Monday, June 02, 2008

Newsmaker: Competition supremo on the edge

So who is this Graeme Samuel person anyway?

He is the man running the government’s grocery prices inquiry, a thorn in the side of Telstra, and the Labor’s point man on FuelWatch, but head of the Australian Competition and Consumer Commission may not be there for much longer.

Nothing illustrates better the political skill of the former Liberal Party office-holder and merchant banker Graeme Samuel than something that happened the first time I met him.

He was then President of the Australian Chamber of Commerce and Industry, an employers peak body that these days is totally ineffective in influencing government. Labor won't listen to it because it was too close to the Coalition and the Coalition stopped listening to it when it pushed too hard.

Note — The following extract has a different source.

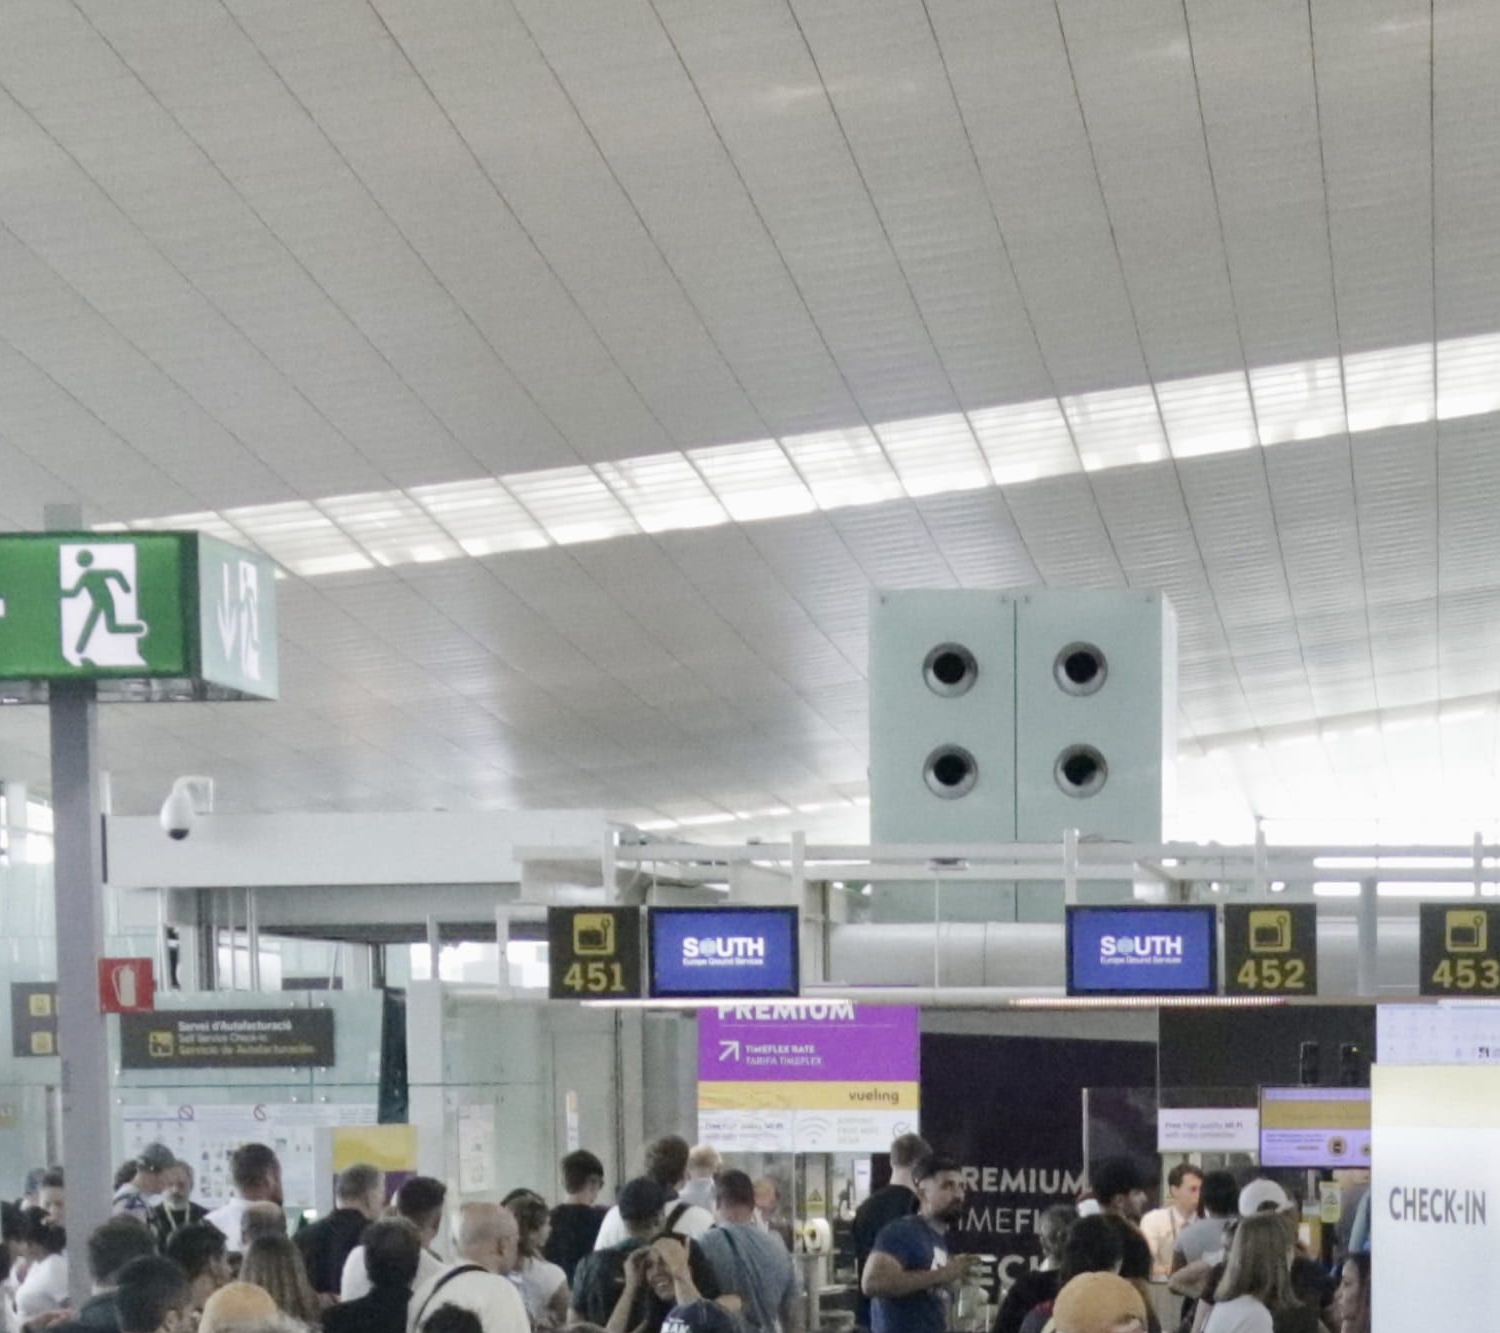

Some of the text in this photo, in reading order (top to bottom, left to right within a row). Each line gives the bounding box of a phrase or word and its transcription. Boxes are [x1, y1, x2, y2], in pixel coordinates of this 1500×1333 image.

Back in the late 1990's the government wasn't listening to it on the question of tax either. John Howard had just been elected on a promise that he would never, ever, introduce a Goods and Services Tax.

I had asked Graham Samuel into an ABC radio studio to debate the topic...

...with Robert Fitzgerald, the head of the Australian Council of Social Service which was opposed a GST. Neither was physically present. Graeme Samuel was in a Melbourne radio studio and Robert Fitzgerald was in a Canberra one. I was in a booth in Sydney asking questions.

After the radio debate had concluded they kept talking, with increasing enthusiasm. I went away to put the tape to air and offered to leave the lines open so they could continue.

As they talked they discovered that that they each wanted the same sort of tax system - one that would raise enough money to provide social services, one that would be simple and one that would be fair. They met again and decided to work together.

The resulting tax summit ended with them sitting side by side challenging the Prime Minister to reform the tax system in accordance with seven agreed principles.

The Prime Minister and Treasurer began that process, but then froze ACOSS out and silenced Samuel by appointing him head of the National Competition Council.

Somewhat bitter a decade later, Graeme Samuel told the ABC’s Terry Lane that “various vested interest groups talk of tax reform but when you really get down to it what they're talking about is tax deductions, tax encouragement, tax incentives for their particular interest groups.”

As head of the National Competition Council, Graeme Samuel antagonised Australia’s (mostly labor) state governments, which is what he was employed to do. Using the threat of withholding grants he goaded them into improving competition in their gas, electricity and water markets; even into introducing extended shopping hours.

When the Treasurer Peter Costello put forward his name to run the Australian Competition and Consumer Commission after the departure of Allan Fels four of the Labor states rebelled.

With the ACT’s Ted Quinlan as their spokesman, the Treasurers of NSW, South Australia, Queensland and the ACT declared that they would not accept Samuel under any circumstances.

Costello appointed him on an interim basis and within a year the states quietly agreed.

Since then Samuel has left his family in Melbourne each Tuesday morning to take the 7.25am flight to Canberra. He stays in a unit in Barton and flies back each Thursday night.

Last Thursday as he was preparing to board the flight, Channel Nine’s Laurie Oakes reported that four government departments had rejected the ACCC’s approach to FuelWatch. Almost alone in his Melbourne office at 9.00pm that night he was searching for documents to back up his case.

The next morning he was strongly arguing that case for the government, just as he has been giving the supermarket chains hell during the ACCC’s six-month grocery prices inquiry.

He is far from universally liked, but has a history of succeeding. He’ll find out whether his contract is renewed in the next four weeks. It expires at the end of this month.